Autre fait marquant : la lutte des femmes de chambre de l’hôtel Ibis Batignolles, à Paris, en juillet 2019. Parmi les personnes emblématiques de ce mouvement, on retrouve une des portes-paroles, Rachel Keke, qui a inspiré le personnage de Safiatou. Motivées par le combat des femmes de l’hôtel Park Hyatt Paris-Vendôme, les femmes de chambre se disaient prêtes à lutter aussi longtemps qu’il le faudrait. Et elles l’ont fait. Leur grève a finalement pris fin en 2021, après 22 mois de lutte. “C’est important de mettre en avant le combat de ces femmes au cinéma parce que ce sont des héroïnes du quotidien“, a indiqué le réalisateur lors de l’avant-première. Et d’ajouter que si les choses ont bougé, c’est grâce au courage, à la solidarité et surtout à la joie de ces femmes. “Ce mouvement a aussi été médiatisé par cette humeur joviale qui différait des ‘traditionnelles’ grèves.”

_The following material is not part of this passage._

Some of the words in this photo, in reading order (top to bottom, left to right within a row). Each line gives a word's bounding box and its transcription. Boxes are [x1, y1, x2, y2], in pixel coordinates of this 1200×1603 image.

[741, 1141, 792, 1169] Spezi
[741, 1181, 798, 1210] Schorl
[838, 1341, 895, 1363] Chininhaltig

S’il ne“voulait surtout pas tomber dans le misérabilisme“, comme il l’a expliqué dans une interview pour Le Pacte, il précise que le but “était de montrer qu’elles existaient, mais dans la joie.” Et c’est réussi ! Petites Mains mêle l’humour et l’émotion, en proposant des personnages solaires, chacun vivant l’affrontement à sa façon.
Un combat solaire
Là où le film sort du lot, c’est par la façon dont cette lutte sociale est abordée. La solidarité et le sens de l’entraide règnent, amenant une fraîcheur inattendue. Le réalisateur a souhaité mettre en avant le fait que la joie et la sororité ont permis à ces femmes de se battre jusqu’au bout. Au cours de l’histoire, les grévistes se font de plus en plus nombreux devant l’hôtel. La fine équipe décide finalement de réaliser un défilé de mode, haut en couleur, durant la Fashion Week. Le tout, dans une ambiance festive.

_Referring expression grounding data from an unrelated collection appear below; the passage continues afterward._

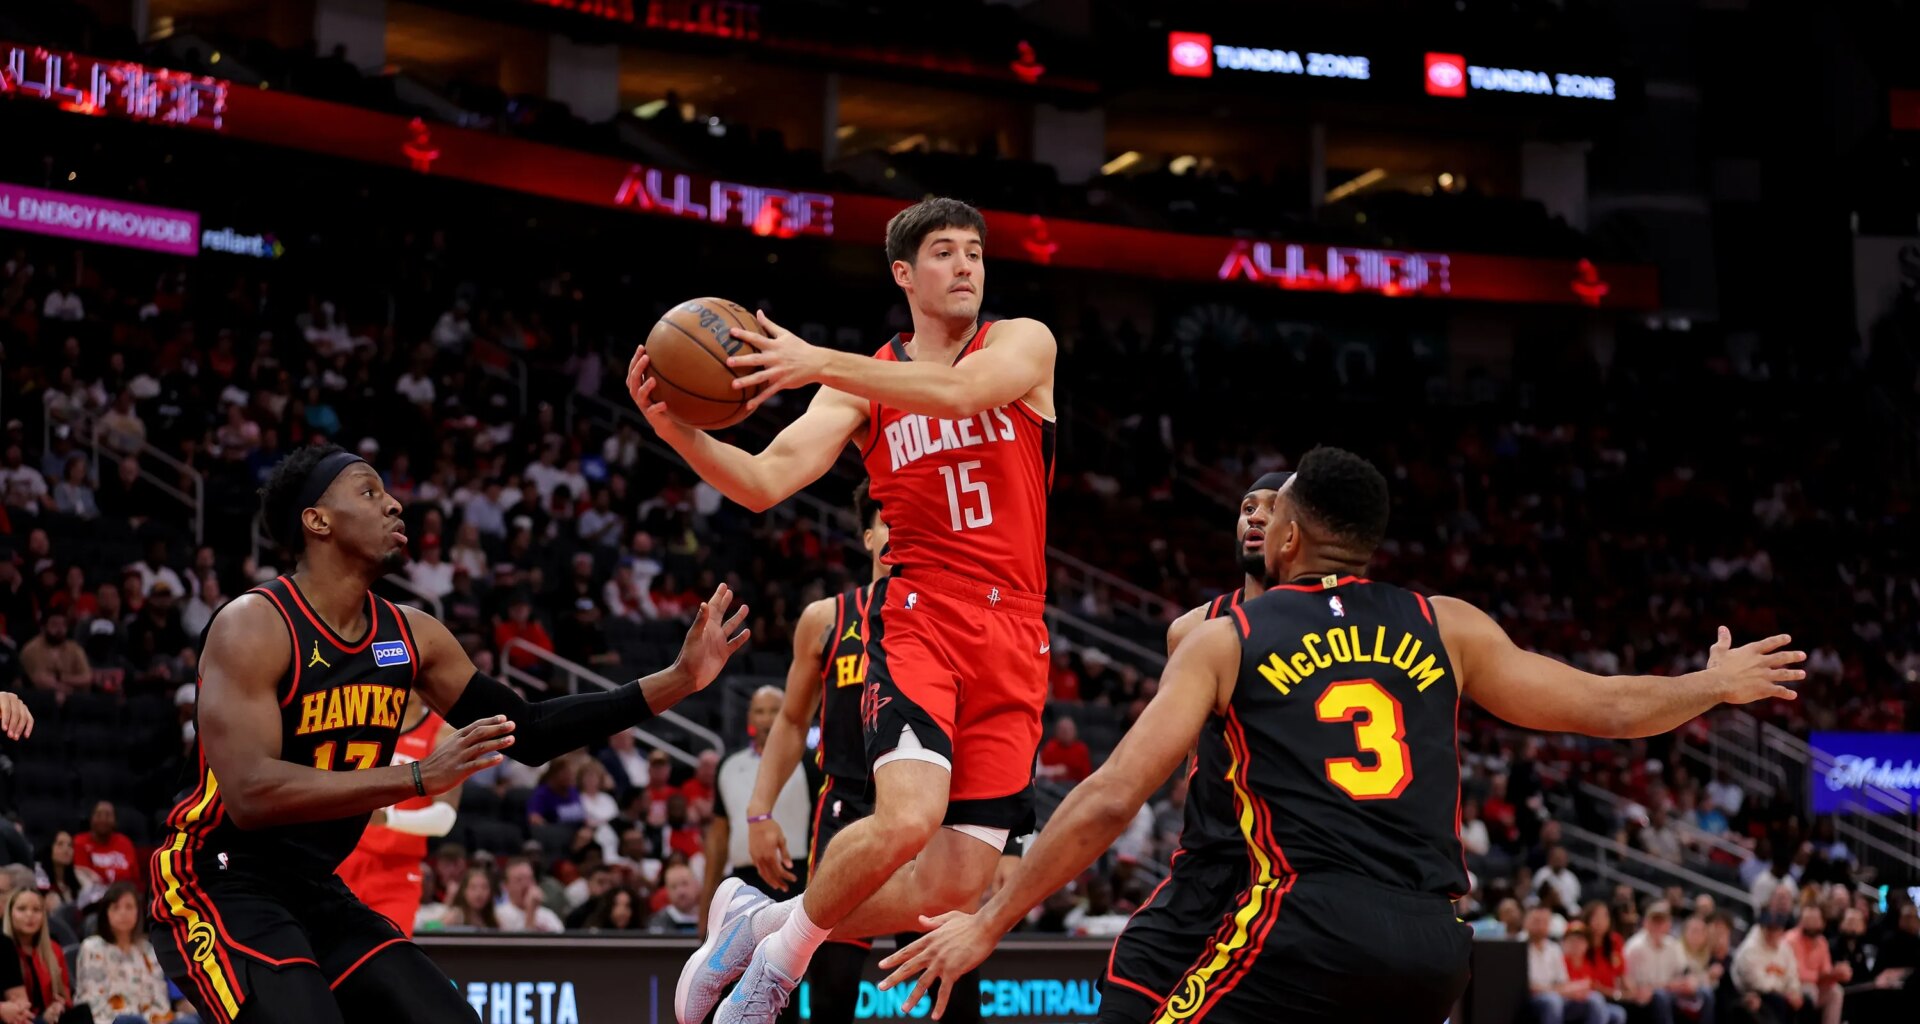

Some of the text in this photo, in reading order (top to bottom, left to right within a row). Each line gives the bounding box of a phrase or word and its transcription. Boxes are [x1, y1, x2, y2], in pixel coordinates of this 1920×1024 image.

[1213, 45, 1370, 79] TUNDRA ZONE
[1467, 65, 1616, 100] TUNDRA ZONE
[18, 196, 97, 229] ENERGY
[97, 208, 192, 243] PROVIDER
[202, 227, 263, 257] reliant
[884, 404, 1016, 473] ROCKETS
[938, 460, 993, 532] 15
[376, 646, 404, 661] paze
[1257, 625, 1446, 696] McCOLLUM
[294, 683, 407, 737] HAWKS
[1314, 678, 1414, 800] 3
[466, 981, 580, 1024] THETA

Le personnage de la jeune Eva, interprétée par Lucie Charles-Alfred, qui jouait déjà dans le film Placés, apporte de la nouveauté dans cette équipe, et réussit même à obtenir le support des plus têtues. On le voit avec Simone, la femme de chambre la plus expérimentée, portée par Corinne Masiero, connue pour ses nombreux engagements et pour son rôle emblématique de Capitaine Marleau. Proche de la retraite, Simone est très attachée à son travail, au point d’être la plus hostile. Cependant, leur relation évolue progressivement, révélant une générosité maladroite de la part de la doyenne.

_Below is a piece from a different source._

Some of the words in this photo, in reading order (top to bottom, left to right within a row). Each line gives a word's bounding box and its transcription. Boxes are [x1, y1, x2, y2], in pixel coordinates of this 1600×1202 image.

Lors de l’avant-première, le réalisateur Nessim Chikhaoui a expliqué que“chaque personnage s’est construit petit à petit“. Notamment le personnage d’Eva, qui est une suite d’Emma, présente dans son premier long-métrage. Dans Petites Mains, son évolution se construit au fil des difficultés. Chaque obstacle va la rendre plus forte, va lui permettre d’affirmer sa soif d’être entendue et va la marquer à vie. Cet événement fera d’elle une femme nouvelle. Le paradoxe, entre son lieu de vie et son lieu de travail, regorge de sens. D’un lieu à l’autre, la posture, le vocabulaire, ou même la personnalité ne sont plus les mêmes. Ce contraste tumultueux fait écho avec le film, puisqu’il souligne l’importance que peu importe d’où l’on vient, nous avons tous les mêmes droits.
S’interroger sur notre rapport au travail
En plus de relater un véritable mouvement social, le film s’interroge sur notre rapport au travail. Si le travail est une source de revenus, il n’est pas forcément source de bonheur. On le voit par exemple avec Simone, personnage à la fois authentique et bouleversant. Elle offre une magnifique prestation qui souligne le besoin de ne pas dépasser ses limites au travail. Sa volonté de travailler malgré son âge avancé, fait d’ailleurs écho à un sujet brûlant d’actualité : la réforme des retraites. “Simone m’a permis de parler du corps brisé par le travail, mais aussi de la retraite“, précise Nessim Chikhaoui. Avec cette production, le cinéaste a voulu sensibiliser le spectateur au surmenage que peut parfois engendrer le travail. Parce que même si le corps meurtri peut guérir, l’esprit, lui, n’oublie jamais les séquelles.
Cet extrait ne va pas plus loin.